■ Task prompt:
From the line containing "Some of the words" to the last line of the listing below, repeat every line exactly, and output nothing else.

■ Task inputs:
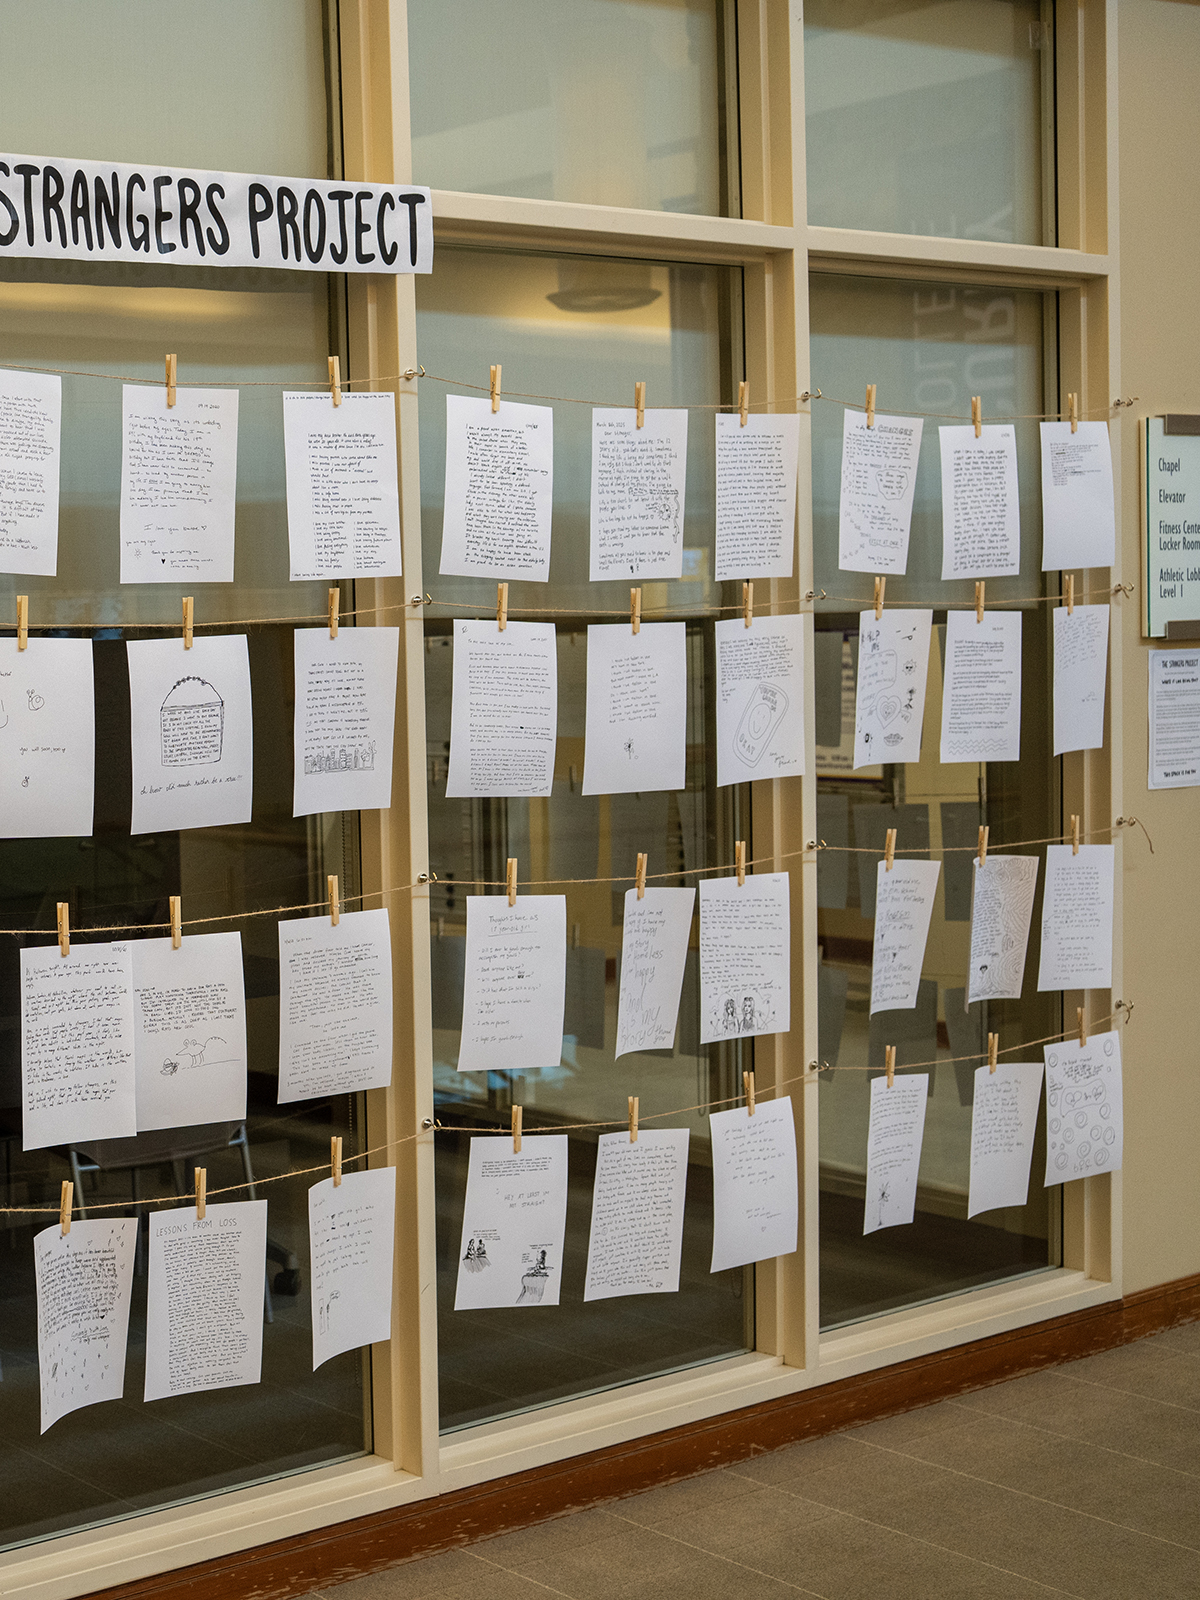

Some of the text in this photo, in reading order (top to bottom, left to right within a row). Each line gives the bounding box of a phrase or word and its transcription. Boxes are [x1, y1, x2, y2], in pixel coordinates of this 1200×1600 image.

[247, 182, 426, 267] PROJECT
[1159, 458, 1180, 476] Chapel
[1159, 489, 1186, 503] Elevator
[1159, 520, 1181, 534] Fitness
[1159, 537, 1181, 550] Locker
[1160, 568, 1184, 581] Athletic
[1160, 584, 1176, 598] Level
[156, 1218, 237, 1237] LESSONS FROM LOSS
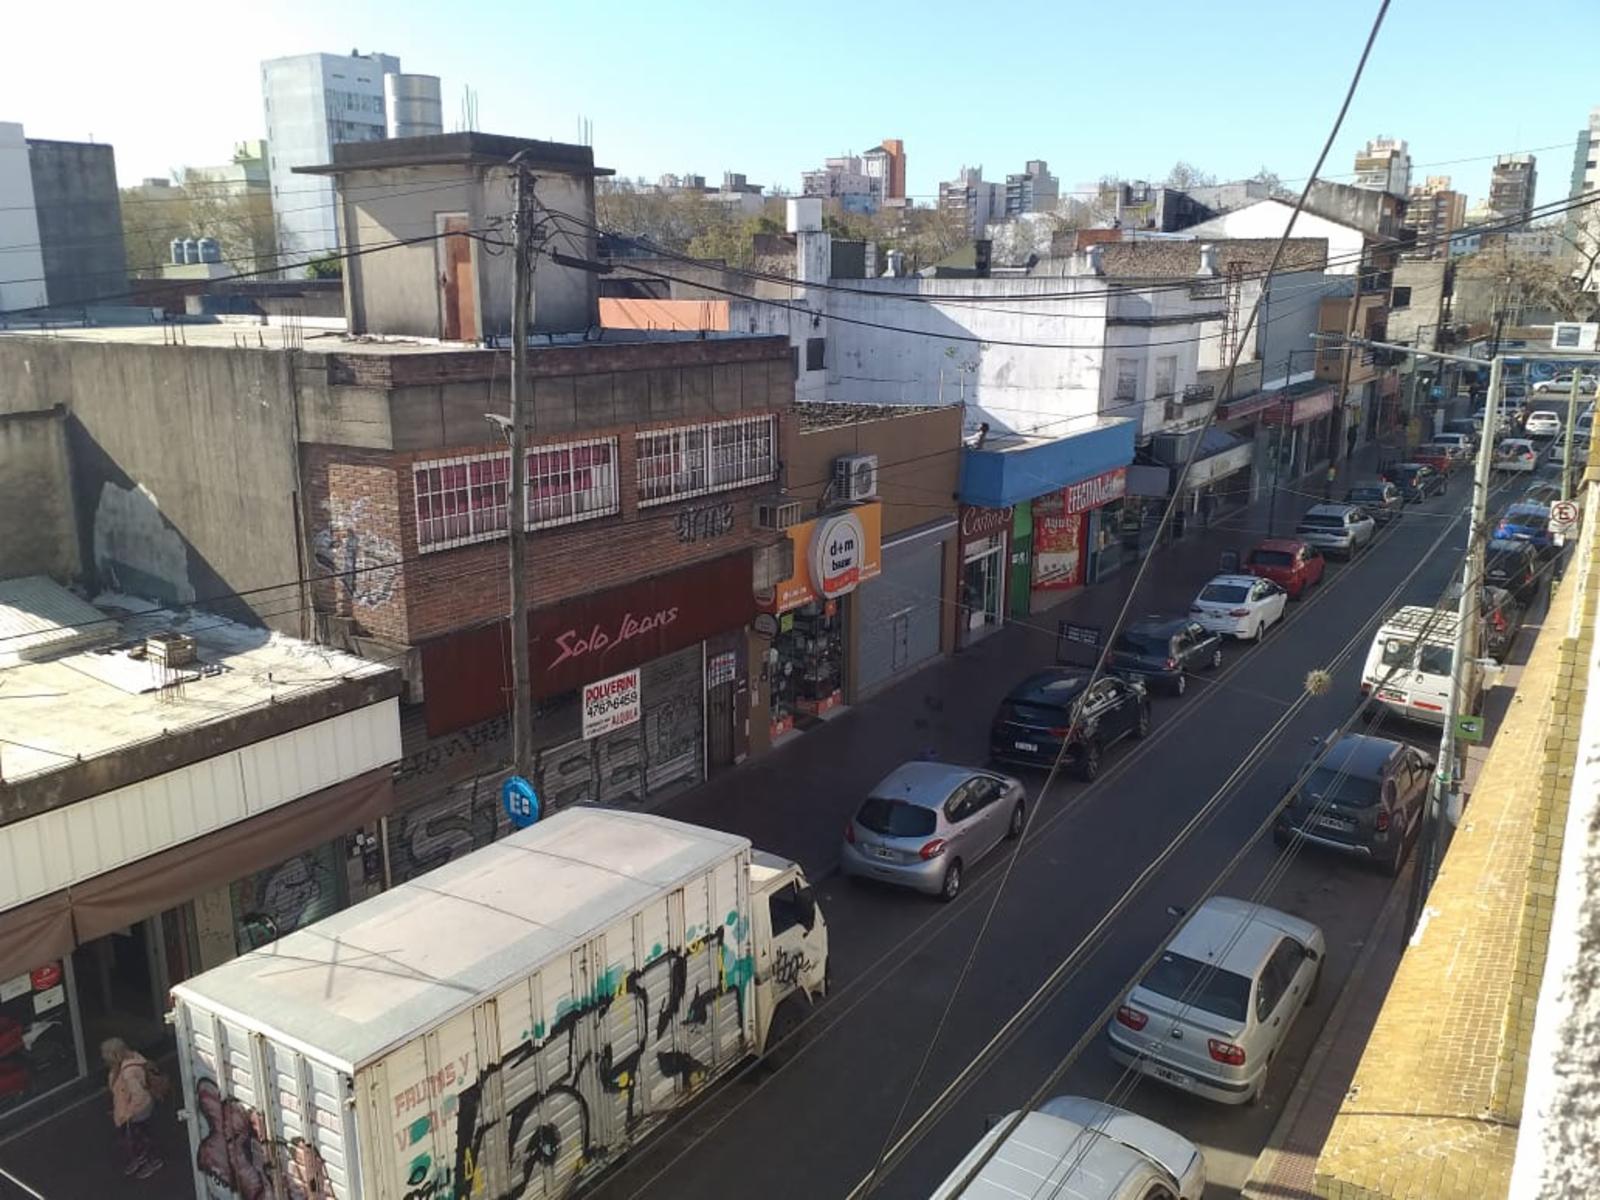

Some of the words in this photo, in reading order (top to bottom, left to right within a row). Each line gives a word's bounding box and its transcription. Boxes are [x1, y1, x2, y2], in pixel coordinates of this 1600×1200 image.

[547, 624, 609, 671] Solo
[603, 607, 678, 655] Jeans
[586, 673, 637, 702] POLVERINI

■ Your response:
Some of the words in this photo, in reading order (top to bottom, left to right within a row). Each line gives a word's bounding box and its transcription. Boxes are [x1, y1, x2, y2], in pixel coordinates of this 1600×1200 image.

[547, 624, 609, 671] Solo
[603, 607, 678, 655] Jeans
[586, 673, 637, 702] POLVERINI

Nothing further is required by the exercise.